As I was reading through the 1965 copies of Canvas Products Review for this month’s “Future History,” an article in the November issue celebrating the magazine’s 50th anniversary caught my attention: a recap of a report from the very first issue of The National Tent and Awning Manufacturers REVIEW about the Fourth Annual Convention in 1915, held in Minneapolis.
“The idea of allowing the ladies to be in attendance at the opening of our Convention is becoming an established custom, and was a move in the right direction,” reported the editor. “Another feature is, the presence of ladies lends tone to the gathering, and in these days of equal rights, when the women of today are endeavoring to help their men folk to bear the burdens of business life, we should encourage them rather than seek to dampen their ardor to do good.”

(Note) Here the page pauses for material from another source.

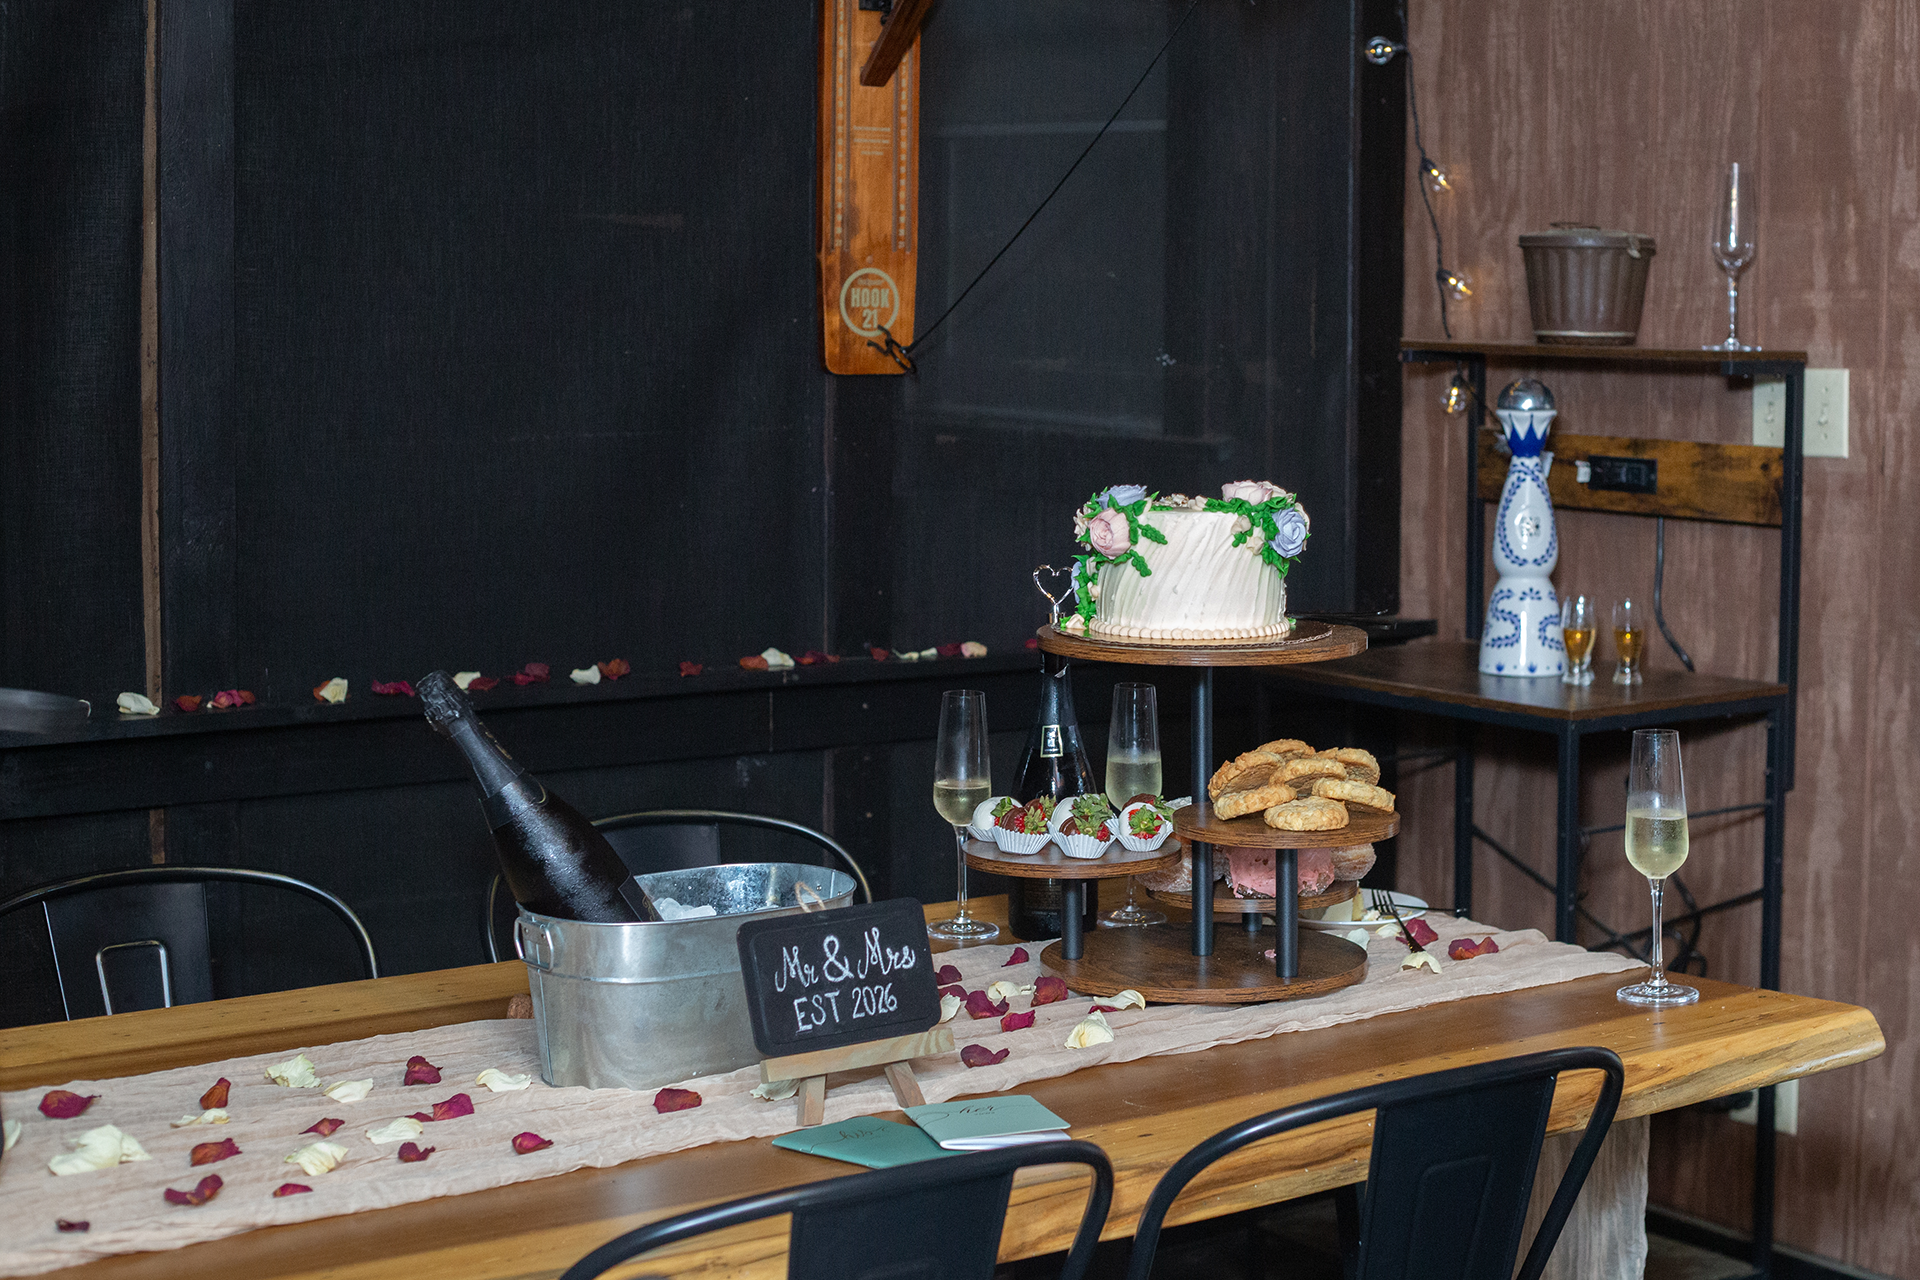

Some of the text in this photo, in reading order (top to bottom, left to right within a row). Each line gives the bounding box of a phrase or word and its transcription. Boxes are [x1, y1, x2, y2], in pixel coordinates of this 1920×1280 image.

Another timely issue was also addressed at the banquet: “Minneapolis had been having a very strenuous campaign in connection with the prohibition question, and it was a very difficult matter for the Arrangements Committee to decide who were the ‘wets’ and who were the ‘drys,’ with the consequent result that liquids were put where they were not wanted and vice versa; and it is reported that one gentleman had to purchase a bottle for his table. Such is life.”
It hadn’t occurred to me until then that both the 18th Amendment (Prohibition) and the 19th Amendment (Women’s Suffrage) were enacted in 1920. I’m reasonably sure that women weren’t granted the right to vote just to keep them from busting up saloons, but the relationships between politics and industry have always been … complex.
Politics and social issues do make for some fascinating reading as I make my way back to 1915 and the Review’s first issue, but it’s industry issues and trends covered in the magazine—their differences and their similarities to current challenges—that will highlight a special section we’ll be including in the November 2015 Specialty Fabrics Review. We’ve broken it down into five major areas of coverage: sales and marketing (not only to potential customers, but promoting the fabric industry); workforce issues (finding, training and keeping skilled employees, succession issues, wages and benefits); government issues (legislation and lobbying, codes and regulations, contracting and subcontracting); operational issues (business efficiency, standardization, management and expansion); and, of course, technology (products and performance, new applications, new market opportunities). There’s more to come—much more.
Locally, The Minneapolis Foundation is celebrating 100 years of community service with a Centennial Futurist Conference on Sept. 18, focusing on what comes next. Next for us is IFAI Expo 2015, 100 years of the Review, and a chance to use what we’ve learned in one century to build on the one we’re starting now. I hope to see you there—and bring the ladies.